Os projetos que fiz na Europa foram através de uma plataforma incrível: European Solidarity Corps. Não só me cobriram todos os custos em termos de transporte, alimentação e alojamento, como ainda me davam um “pocket money” de 5€/dia, dos quais eu não gastava quase nada.
Cheguei a fazer mais 3 projetos com esta organização, na Grécia (sim, outra vez a mesma comunidade), Hungria e Eslovénia, antes de voltar a Portugal para uma pequena aventura a solo: uma viagem de bicicleta de Coimbra até ao Algarve. 700km pedalados em 9 dias para chegar a Albufeira, onde voluntariei num campo de surf. Em Setembro fui para uma eco-comunidade na Suécia para o projeto de voluntariado que fechava este gap year. Nesta altura eu já sabia que não era só um gap year. Eu não me conseguia imaginar a voltar para a faculdade para fazer o meu mestrado, nem a arranjar um trabalho “normal”. Era impossível pensar nisso sequer.
E eu digo isto como alguém que sempre adorou a escola e a faculdade. Aprender e estudar sempre foram uma das minhas maiores paixões, e inclusive ganhei 3 prémios na faculdade por ser uma excelente aluna. Mas durante este ano percebi que tal não se limita a instituições educacionais.
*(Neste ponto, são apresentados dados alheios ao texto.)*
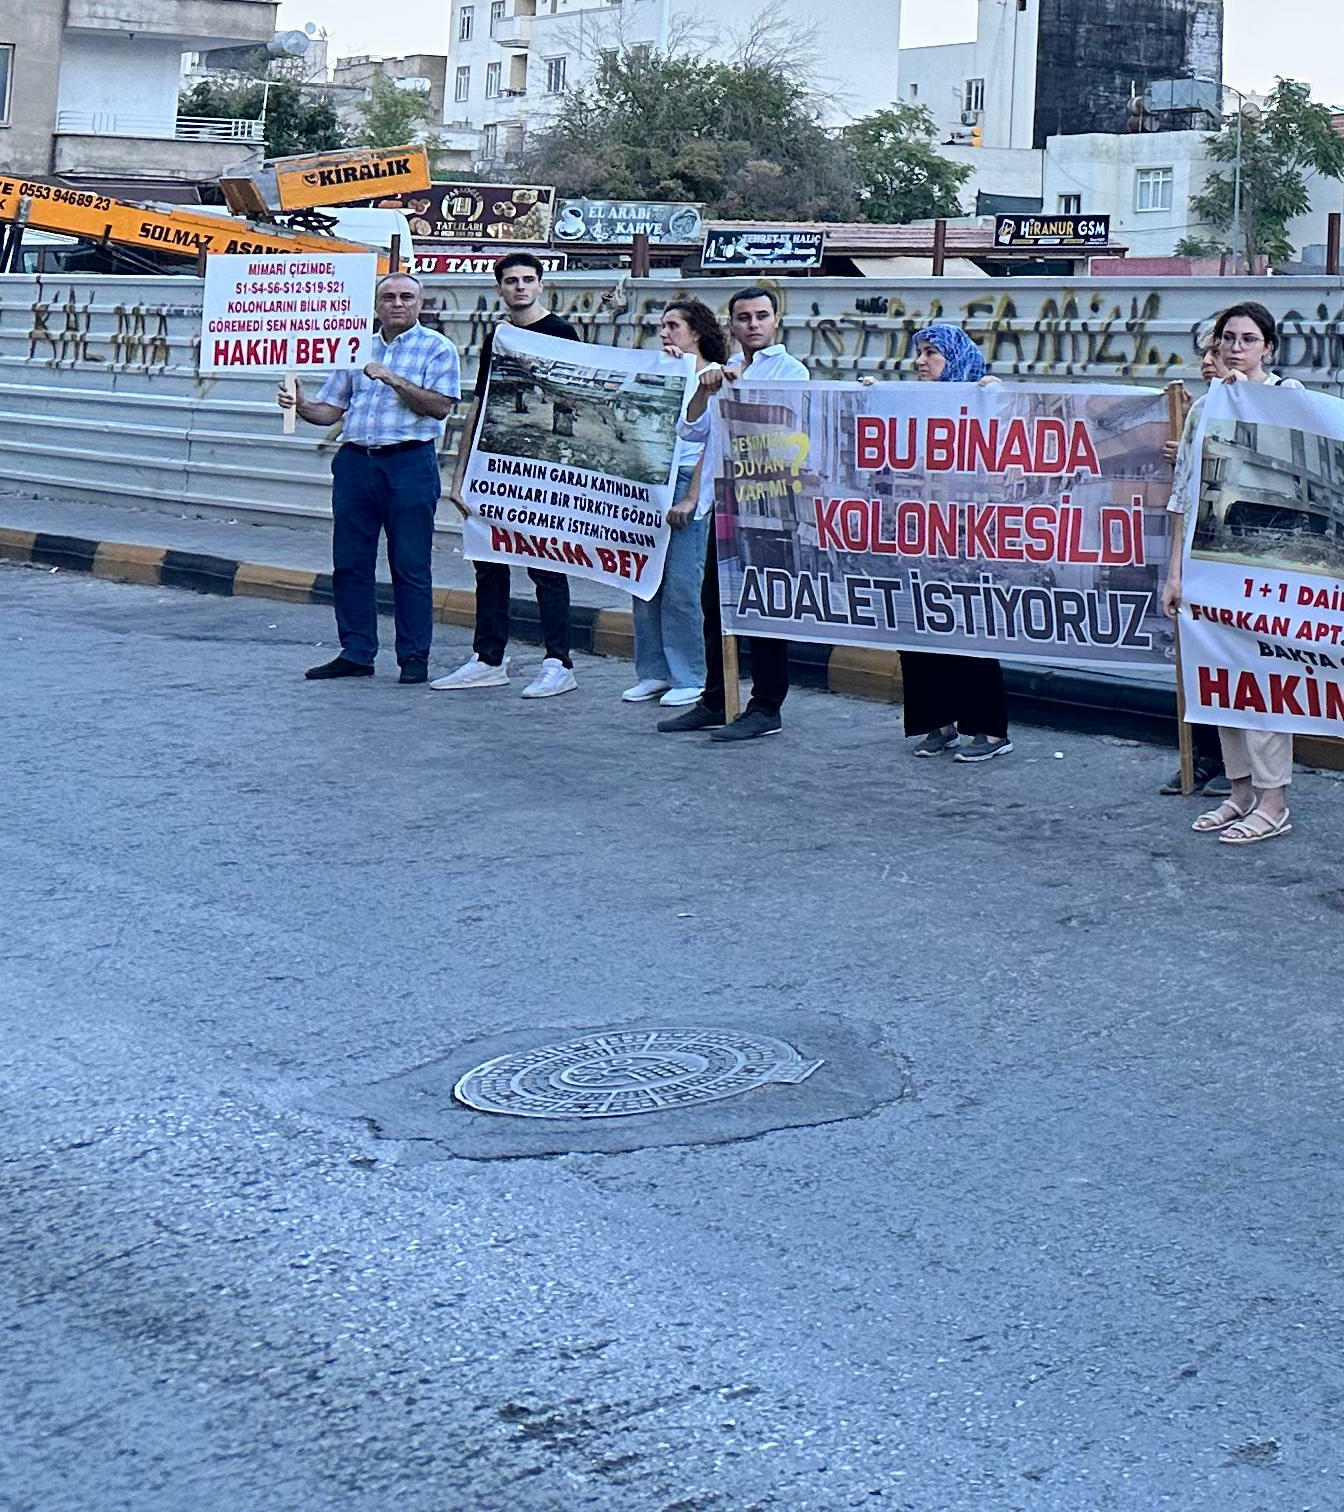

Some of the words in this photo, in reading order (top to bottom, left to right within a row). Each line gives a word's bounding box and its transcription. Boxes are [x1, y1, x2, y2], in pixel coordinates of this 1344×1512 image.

[19, 182, 51, 200] 0553
[588, 207, 605, 218] EL
[615, 222, 663, 235] KAHVE
[1077, 221, 1106, 235] GSM
[227, 299, 297, 314] KOLONLARINI
[208, 316, 264, 333] GÖREMEDİ
[266, 318, 287, 332] SEN
[290, 318, 320, 332] NASIL
[323, 315, 368, 331] GÖRDÜN
[296, 337, 341, 364] BEY
[347, 336, 361, 364] ?
[856, 416, 917, 472] BU
[926, 406, 1103, 477] BİNADA
[550, 468, 589, 488] GARAJ
[734, 458, 785, 478] DUYAN
[735, 481, 765, 502] VAR
[768, 479, 788, 498] MI
[469, 479, 547, 503] KOLONLARI
[621, 504, 662, 529] GÖRDÜ
[479, 503, 504, 520] SEN
[507, 506, 565, 531] GÖRMEK
[814, 497, 959, 558] KOLON
[965, 494, 1147, 567] KESİLDİ
[595, 546, 649, 582] BEY
[737, 566, 903, 630] ADALET
[911, 569, 1154, 650] İSTİYORUZ
[1189, 603, 1291, 637] FURKAN
[1257, 639, 1338, 670] BAKTA
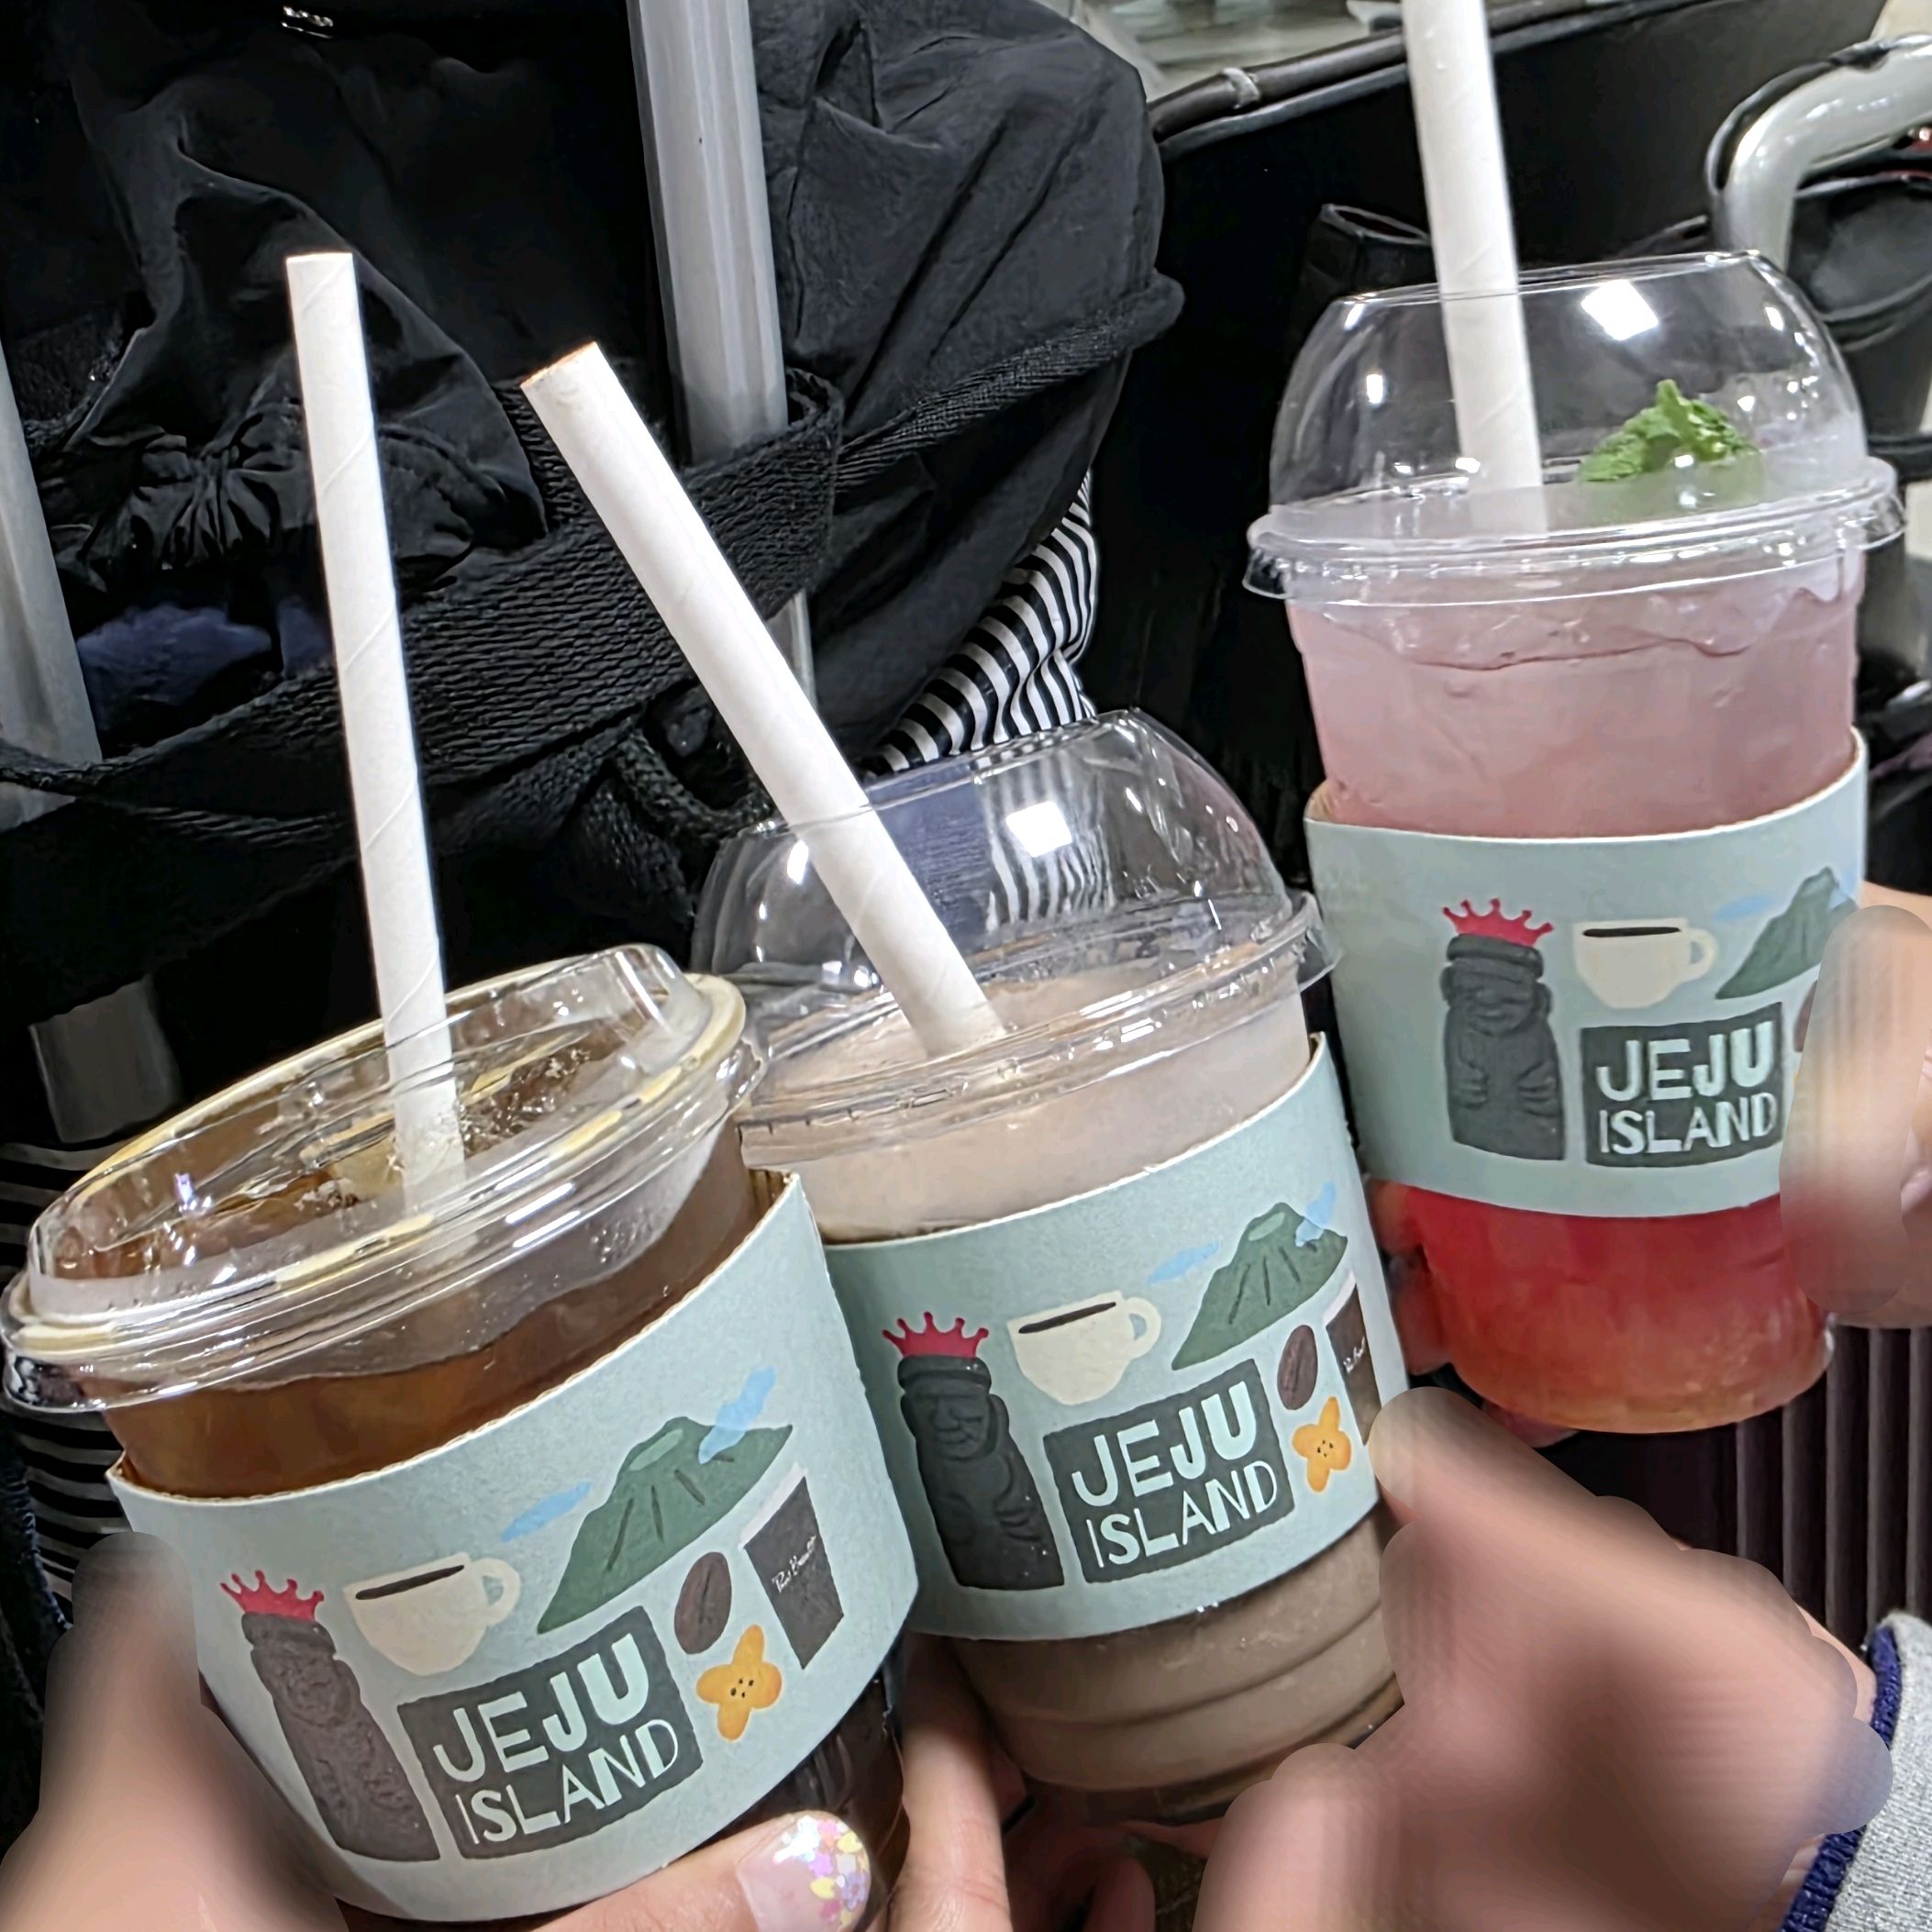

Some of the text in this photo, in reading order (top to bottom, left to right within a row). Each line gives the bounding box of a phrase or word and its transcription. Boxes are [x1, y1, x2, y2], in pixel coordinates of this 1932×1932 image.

[1596, 1021, 1775, 1101] JEJU
[1599, 1093, 1777, 1154] ISLAND
[1071, 1381, 1257, 1506] JEJU
[1086, 1460, 1277, 1567] ISLAND
[433, 1633, 650, 1782] JEJU
[455, 1719, 679, 1844] ISLAND
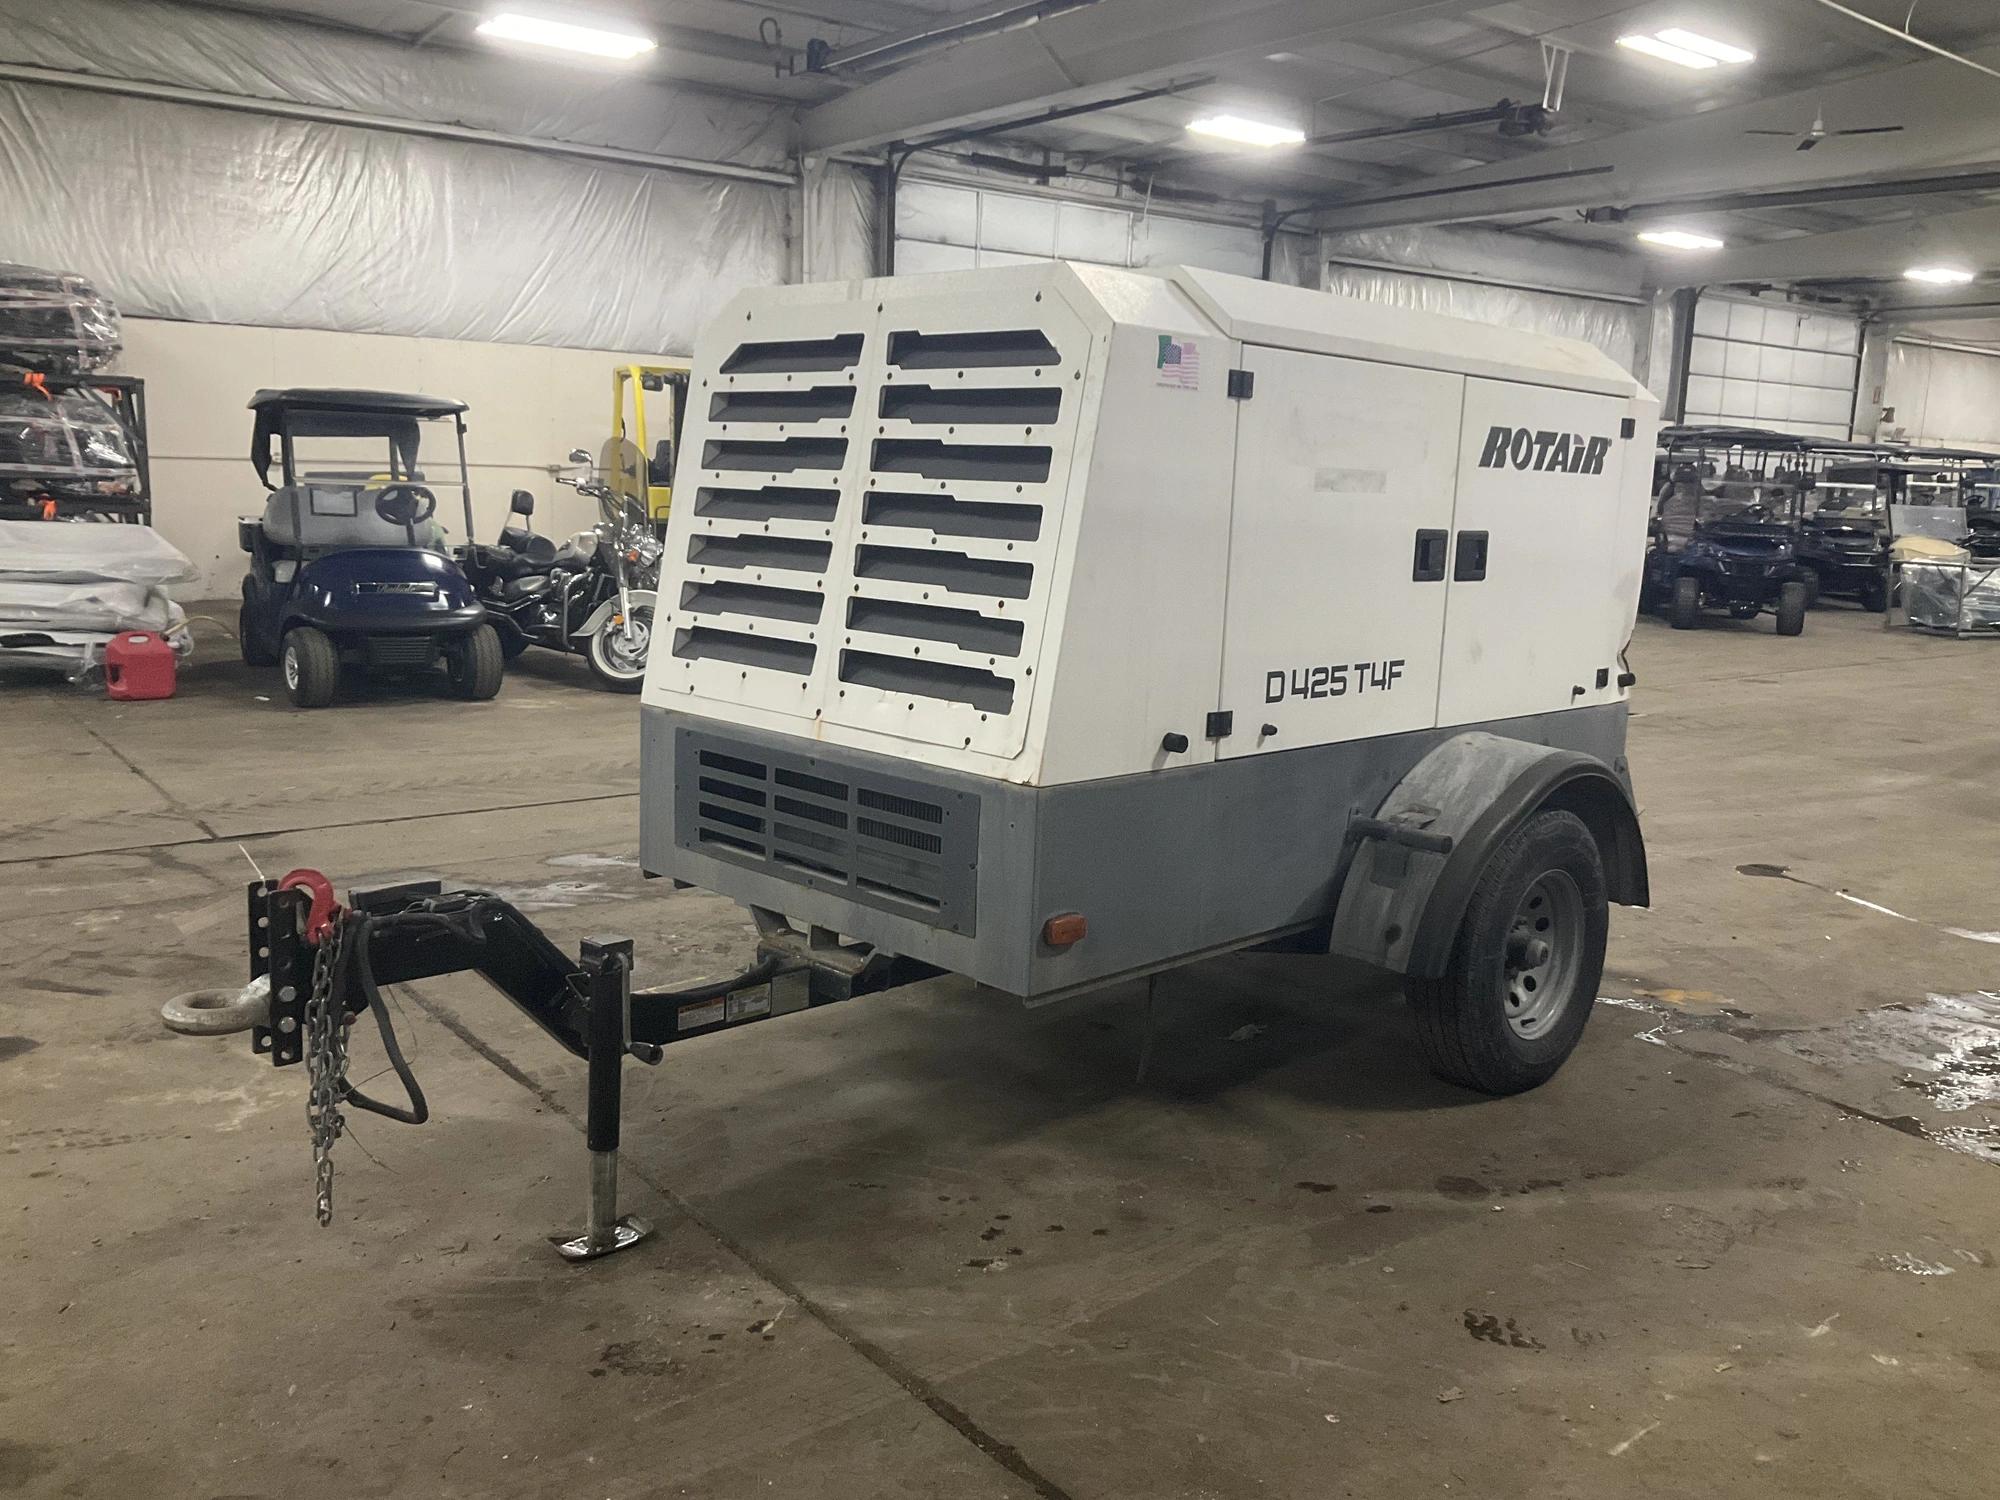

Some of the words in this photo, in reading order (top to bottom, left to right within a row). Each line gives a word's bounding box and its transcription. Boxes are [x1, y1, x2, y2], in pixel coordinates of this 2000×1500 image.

Uma das coisas que eu não gostei na faculdade foi a falta de tempo para estudar sobre temas para além do que era ensinado no meu curso. Eu estava a estudar nutrição, mas queria ter tempo também para aprender sobre neurociência ou matemática, e não tinha.
Mas durante este gap year, eu consegui ouvir inúmeros podcasts e ler muitos artigos científicos sobre 4 ou 5 áreas de estudos distintas. Isso, para além de tudo o que aprendi na prática no que toca a permacultura, bio construção, como viver com pouco dinheiro, etc.
Eu aprendi mais neste ano do que em 2 anos na faculdade.

Foi um ano intenso em vários aspetos, mas principalmente um ano de muito auto-conhecimento. Cruzei também caminho com muitos viajantes, alguns deles a fazer viagens como a que eu estou a fazer agora: a cruzar continentes à boleia, de bicicleta, ou até a caminhar. Estas pessoas introduziram-me a um estilo de vida que eu desconhecia totalmente, mas que despertou uma curiosidade gigante dentro de mim. No início desse gap year experimentei andar à boleia pela primeira vez com uns amigos na Grécia. E lentamente fui adotando este estilo de viagem e gostando cada vez mais do mesmo. Tanto que quando decidi que queria embarcar numa viagem longa e sem voar, ir à boleia foi logo uma das primeiras opções.
Já estou na estrada há quase 7 meses. Cruzei a Europa, Turquia, Geórgia, Rússia e 4 países da Ásia Central, e agora vou em direção à China. Experienciei momentos muito difíceis, desde doença a assédio, mas a hospitalidade com que fui recebida por inúmeras pessoas, a natureza que tive a oportunidade de explorar e todas as aprendizagens que já tive são o que ficam na memória!